Don’t take this the wrong way and dismiss it as a boast; I think it’s simply an insight into the difference in kind not just scale between metros of 100,000,  500,000, even a few million, and the indisputably global hubs destinations.  In the global hubs, not only are the top [law firms, banks, medical centers, restaurants, publishers, galleries, concert venues, etc.] utterly superb, but the deep, deep bench of less conspicuous players down the line is very good indeed.


But Law Land is its own not-so-little microeconomy, and in terms of Law Land, we’re seeing three primary forces emerge.

Each is strong: One is an acceleration of a long-established prior pattern, one is something no one saw coming in the least, and the last is–in terms of economics–pure and undiluted good news.

  • The Acceleration:  Segmentation is here to stay, and here to gain force.  The strongest firms (reputation, brand name, sheer caliber of talent, deeply embedded client relationships) are going from strength to strength, while others with patchier client relationships, clients unfortunately concentrated in the “wrong” sectors (retail, hospitality, travel/leisure, airlines), and clients in serious financial stress of their own–less able to pay their bills, to call it what it is–have a steeper hill in front of them.  One could envision scenarios where the firms under greater pressure would unite as never before and come out stronger on the other side, but that’s not where a betting person would put their money.
  • The Unforeseen:  Now that we have all been thoroughly inoculated with Zoom, Webex, Microsoft Teams, LoopUp, and all the rest, it is beginning to dawn on clients that New York firms can serve them as easily as local firms, bricks and mortar be damned.  This is happening in Texas, Silicon Valley, Chicago, Toronto, and elsewhere.  Of course, as we strive to make a habit of reminding our readers, “averages mislead.”  Not all New York firms are equal Zoom destinations.  See #1 above.
  • The Good News:  This recession could hardly be more different from the 2008/9 financial system seizure/meltdown.  In that recession, deals, strategic and financial, collapsed, because there was no cash, no credit, and no functioning capital markets.  Here investors have hoards of cash, and their clients are demanding they put it to use.  For one thing, many assets are substantially cheaper than they were in February.  For another, the Fed is super-duper-accommodating, and fiscal policy isn’t exactly on a parsimony tear.  Few things are more reliable sources of activity for sophisticated law firms than a hot deal market.  See ##’s 1 & 2 above.

Adding it all up, New York may not have it so bad, after all.
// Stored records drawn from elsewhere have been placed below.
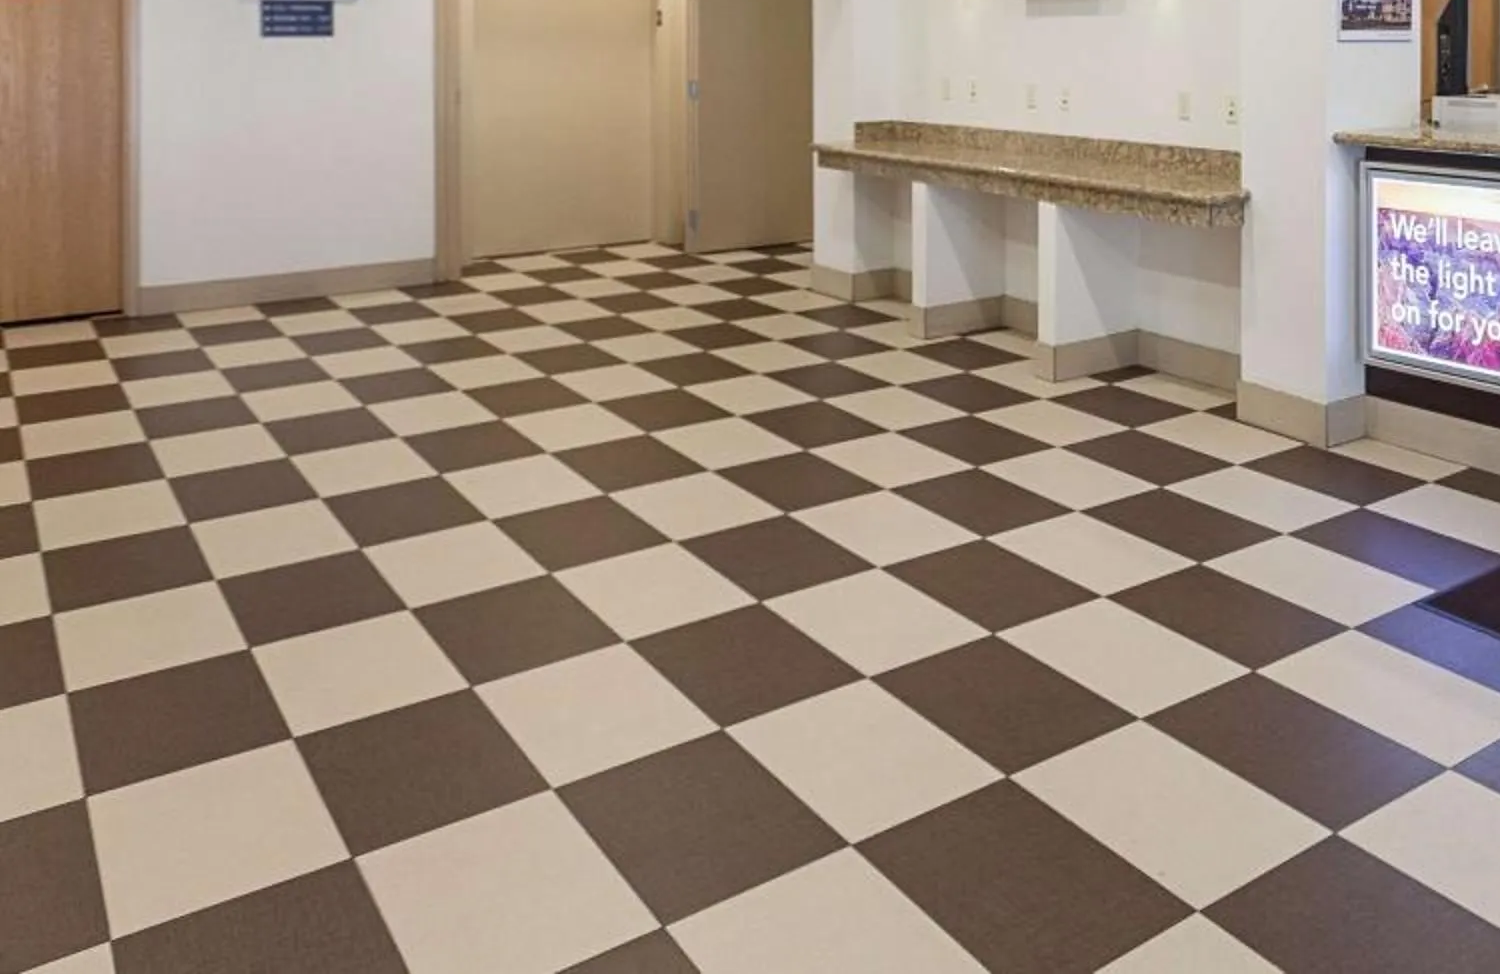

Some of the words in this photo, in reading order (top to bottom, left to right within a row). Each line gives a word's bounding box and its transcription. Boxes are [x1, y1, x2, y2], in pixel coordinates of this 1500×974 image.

[1388, 212, 1448, 247] We'll
[1390, 252, 1429, 285] the
[1438, 258, 1498, 300] light
[1391, 301, 1421, 326] on
[1429, 298, 1466, 334] for
This is, of course, to discount the odds of social, economic, and political divisions growing so insurmountable that the US becomes ungovernable, or that we fail to treasure our priceless democracy and stand up for the rule of law in the face of deranged and menacing leadership.


Meanwhile, we’re still living in the short-run.  Here’s a picture I took of Rockefeller Center yesterday morning around 10:00 am:

In terms of being “open for business,” New York City/Metro has a ways to go.
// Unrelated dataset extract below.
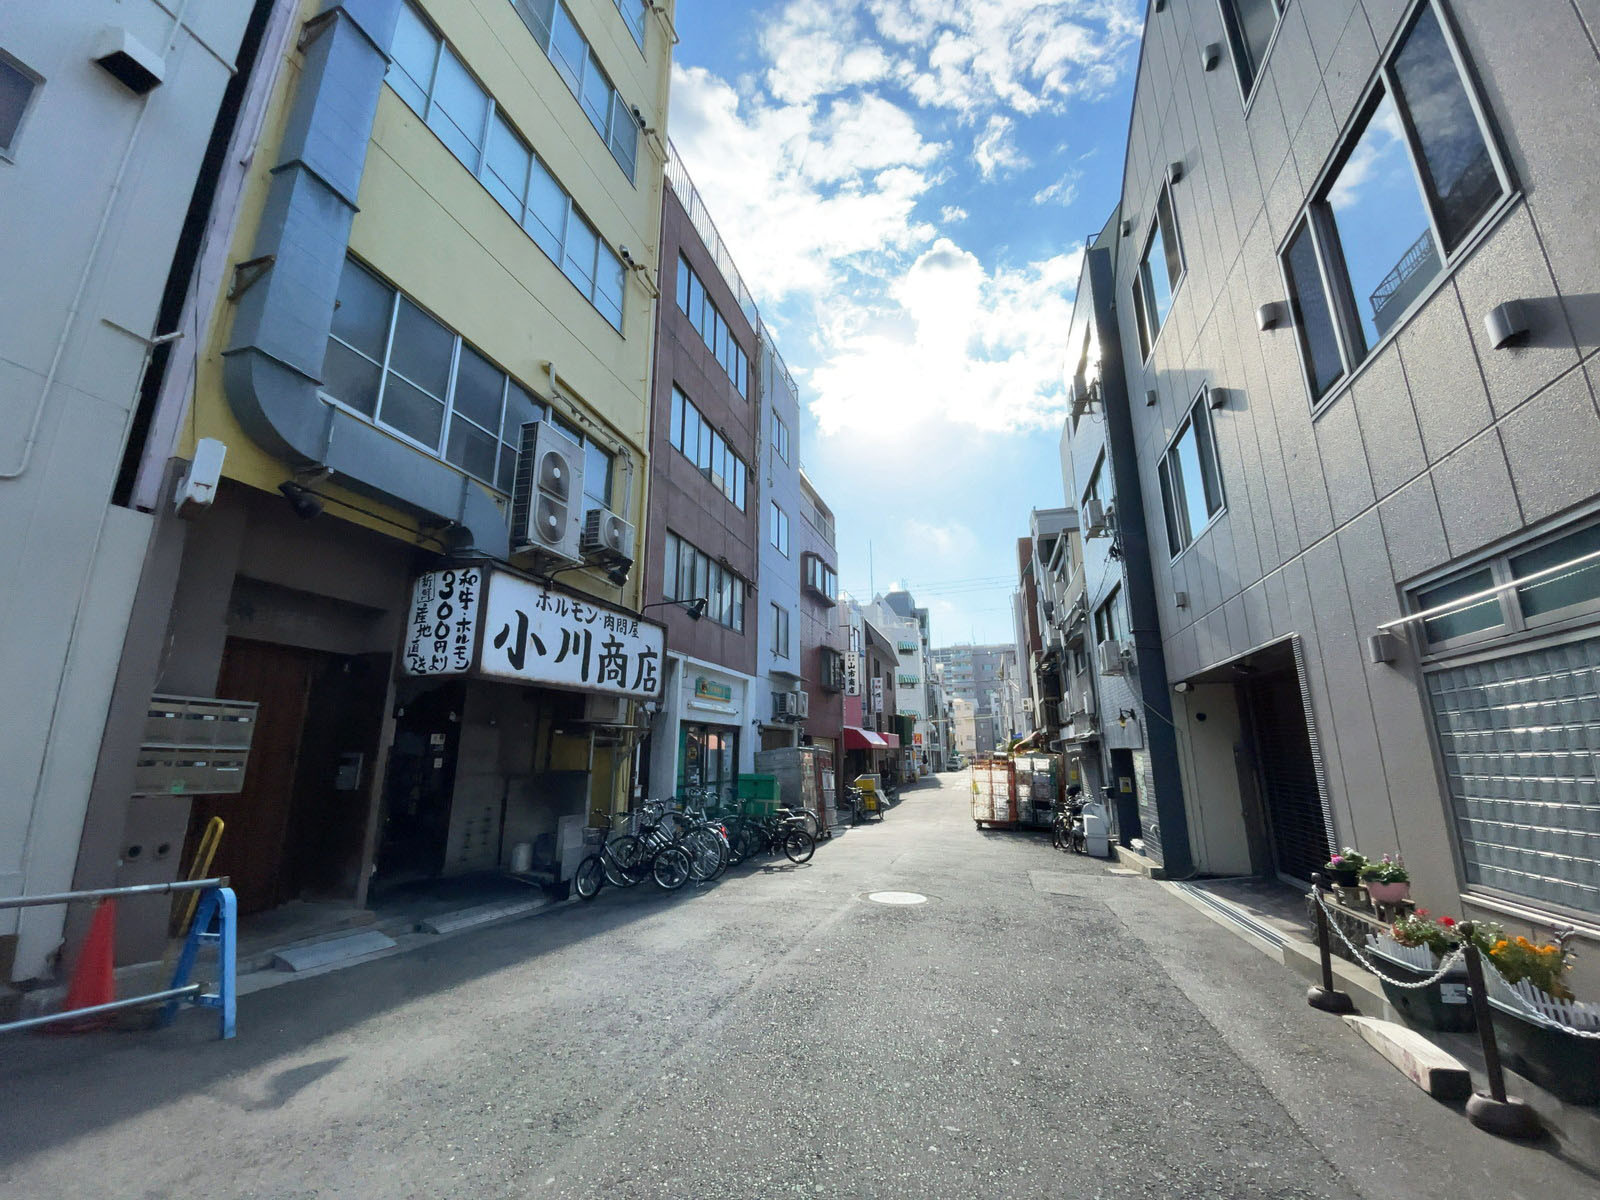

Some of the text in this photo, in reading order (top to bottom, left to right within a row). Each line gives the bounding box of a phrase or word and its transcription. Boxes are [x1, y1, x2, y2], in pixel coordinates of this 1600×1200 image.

[407, 603, 432, 674] 産地直送
[453, 569, 478, 670] 和牛・ホルモン
[494, 609, 658, 692] 小川商店
But strong signs of resilience are already showing.  Not only have the front line soldiers in the Covid19 war come through as genuine heroes (the healthcare workers, grocery store clerks, delivery people of every stripe, subway and bus drivers, who aren’t paid remotely enough to do what they do so that the rest of us can WFH), but people at every level are stepping up.  New York is down, but it’s never yet been out.